Business panel thwarts department’s second try at insurance regulation compliance

Business panel thwarts department’s second try at insurance regulation compliance

by
Dustin Hurst
March 20, 2012
Dustin Hurst
Author Image
March 20, 2012

On Monday, the House Business Committee thwarted a second attempt by the Idaho Department of Insurance (DOI) to comply with regulatory provisions within the 2010 Patient Protection and Affordable Health Care Act (PPACA).

On a 9-8 vote, the panel killed the bill over worries that it would align Idaho too closely with the PPACA, a federal law the state is suing to block.

The legislation is the second of its kind to come forth in the 2012 legislation session. The bill would have essentially allowed DOI to rate state insurance carriers’ health plans and label increases as too low, too high or discriminatory against certain classes of people. The state department would then communicate that information with the U.S. Department of Health and Human Services for database entry.

The rate review process also forces health carriers to disclose business practices, including how much they spend on overhead, medical services, advertising and how much profit they take in annually.
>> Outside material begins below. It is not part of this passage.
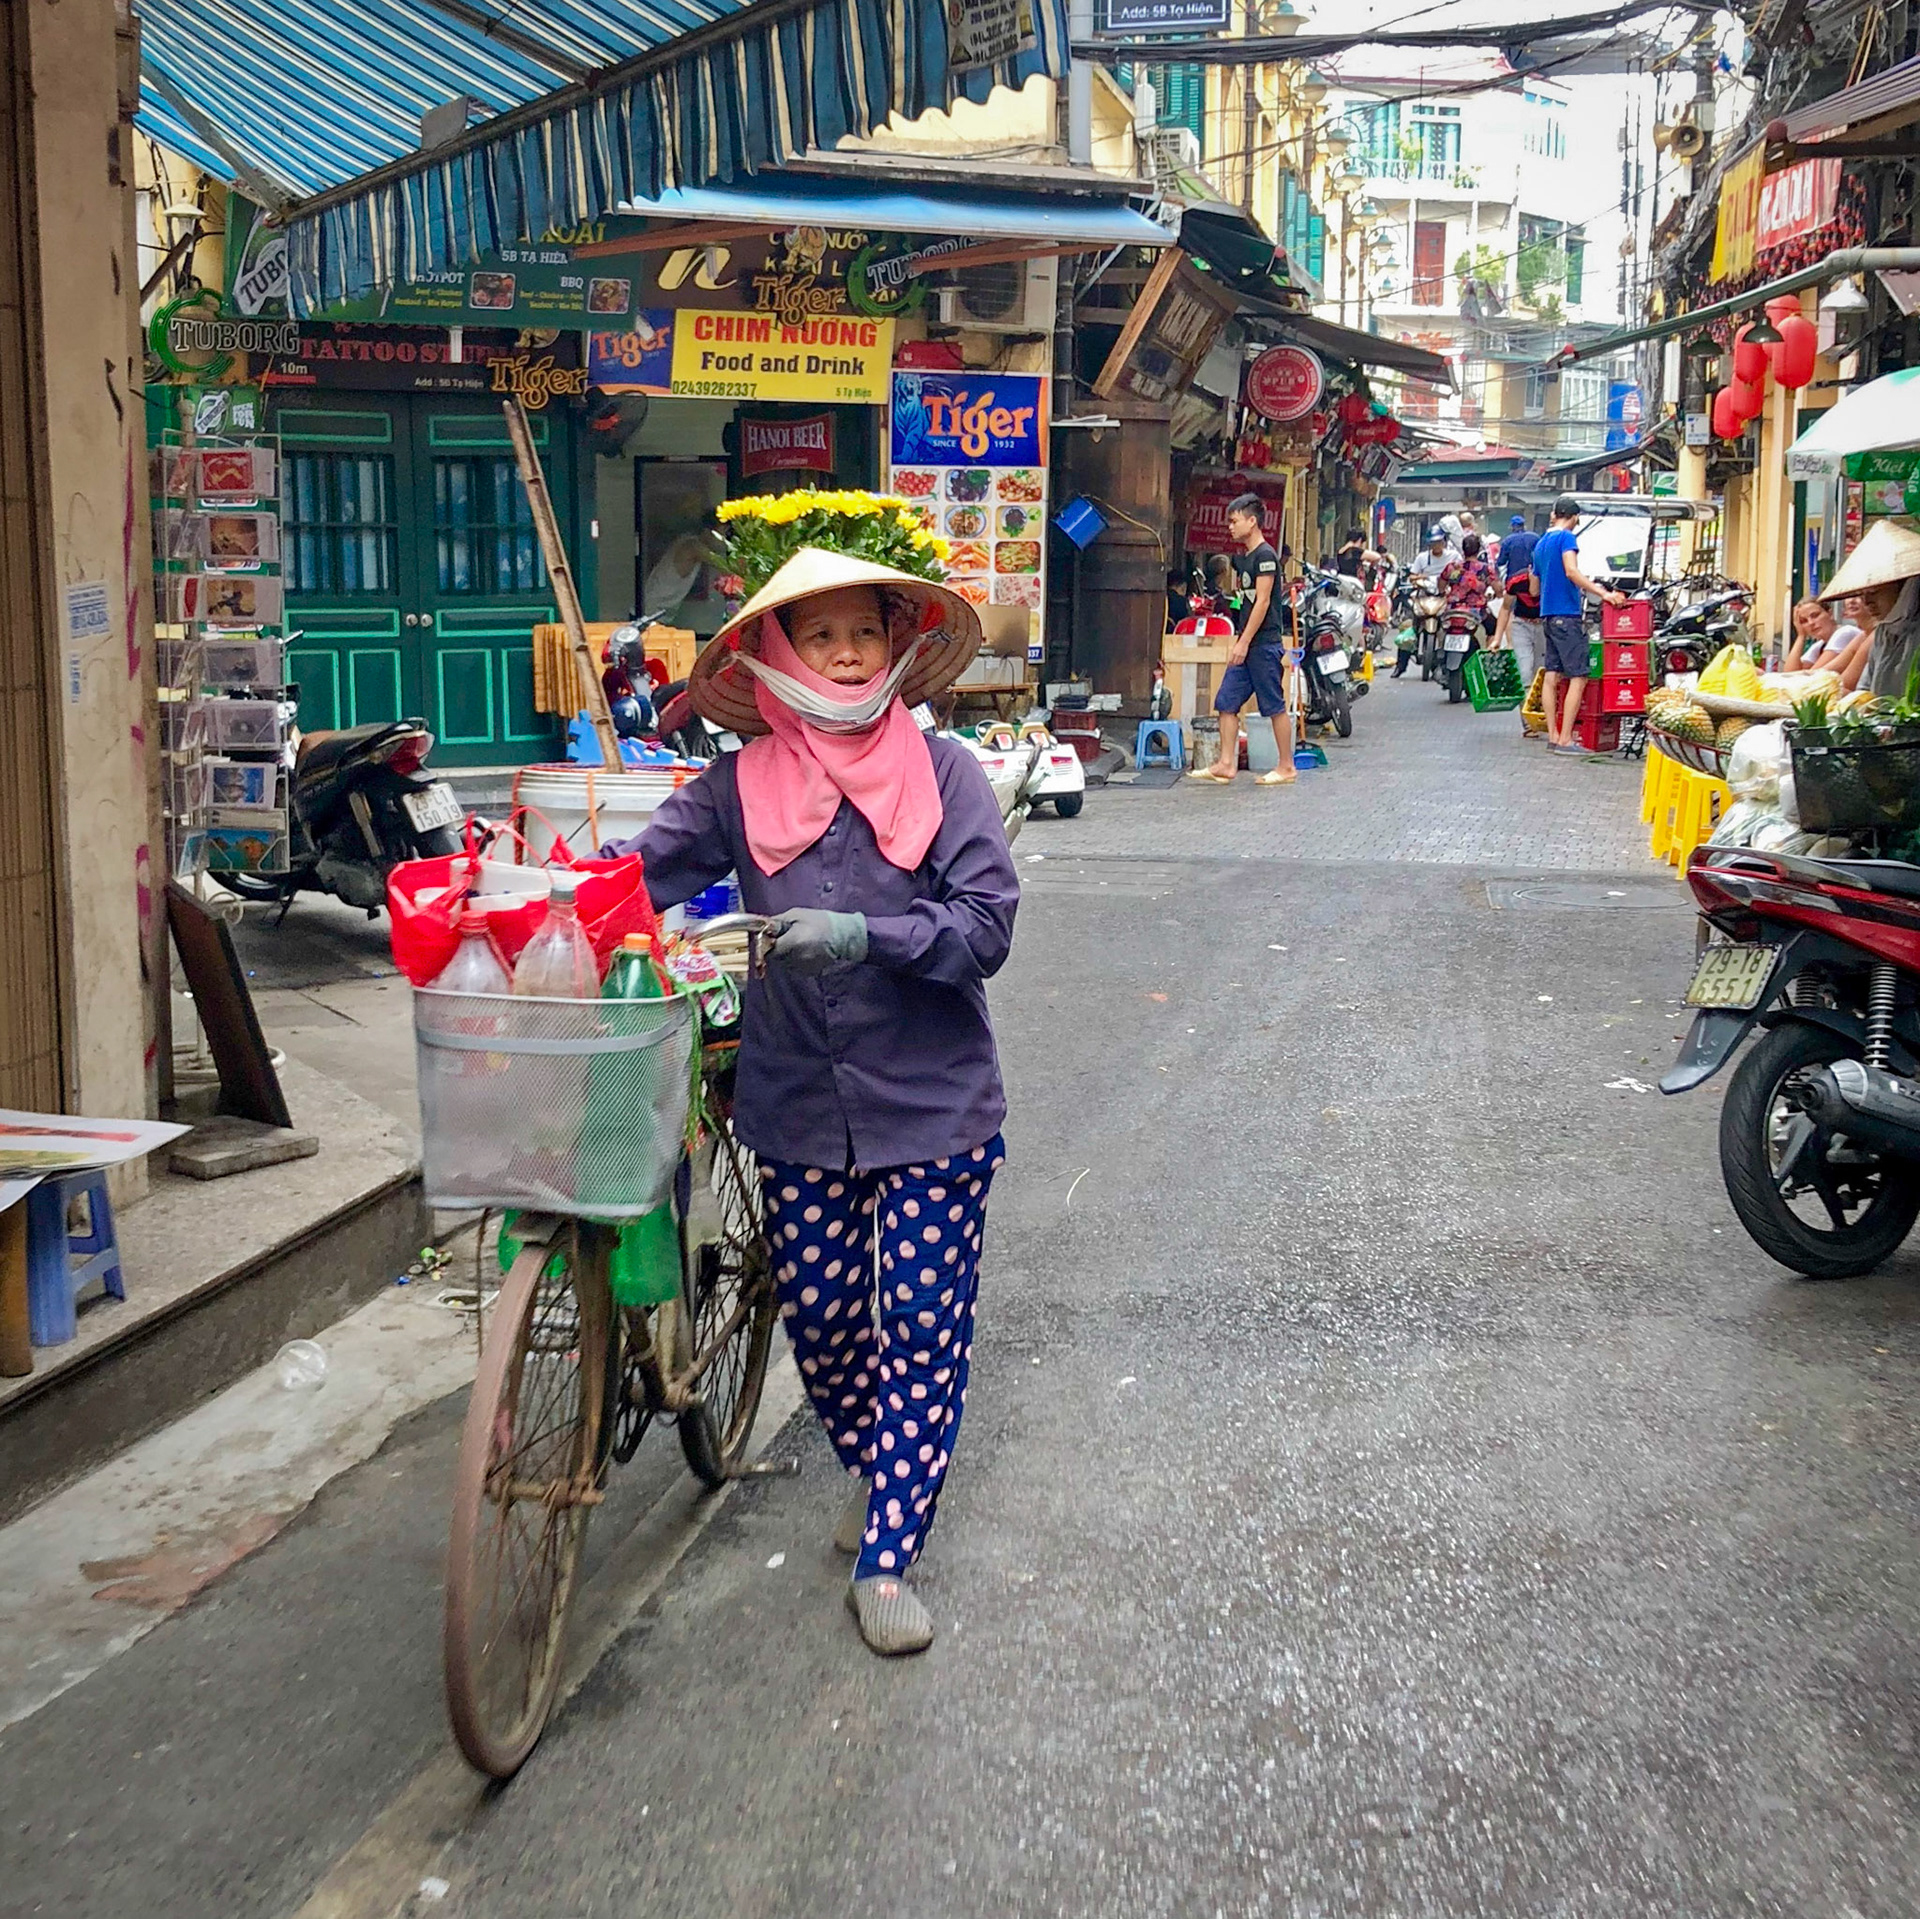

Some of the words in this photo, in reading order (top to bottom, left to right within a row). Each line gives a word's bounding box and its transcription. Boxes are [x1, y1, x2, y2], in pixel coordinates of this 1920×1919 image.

The prior version of the legislation contained specific mentions of federal code, which legislators saw as threat to the Legislature’s constitutional duty to set laws for the state. That rendition was killed on a 6-9 vote.

The newest version, presented by the agency’s top deputy Tom Donovan, didn’t include specific mentions of the PPACA, but instead cited the need to conform department standards to “other applicable law.”

Boise businessman George Gersema, who testified against the initial version of the legislation, again spoke against the concept, saying the rate review process shouldn’t be handled by the state. “This is about the state of Idaho doing the bidding of the federal government,” Gersema warned.

He added that the bill represented an overreach by the federal government in the marketplace, and pontificated how other economic sectors might feel if their prices were so heavily regulated.

The rate review process wouldn’t have given the state the ability to block rate increases it believed to be too high or low, but that doesn’t mean insurance carriers wouldn’t be punished. Through indirect language in section 1003 of the PPACA, it’s hinted that health carriers with excessive rate increases wouldn’t be allowed to participate in online insurance exchanges, essentially online portals for purchasing medical coverage.

That would also mean the loss of hefty subsidies handed out by the feds. It’s projected that through the exchanges, the federal government will hand out $800 million in insurance subsidies between 2014 and 2020.

Those in favor of the legislation, including House Minority Leader John Rusche, D-Lewiston, said the process brings transparency into health insurance increases. It’s likely the federal government will now handle the rate review process for the state.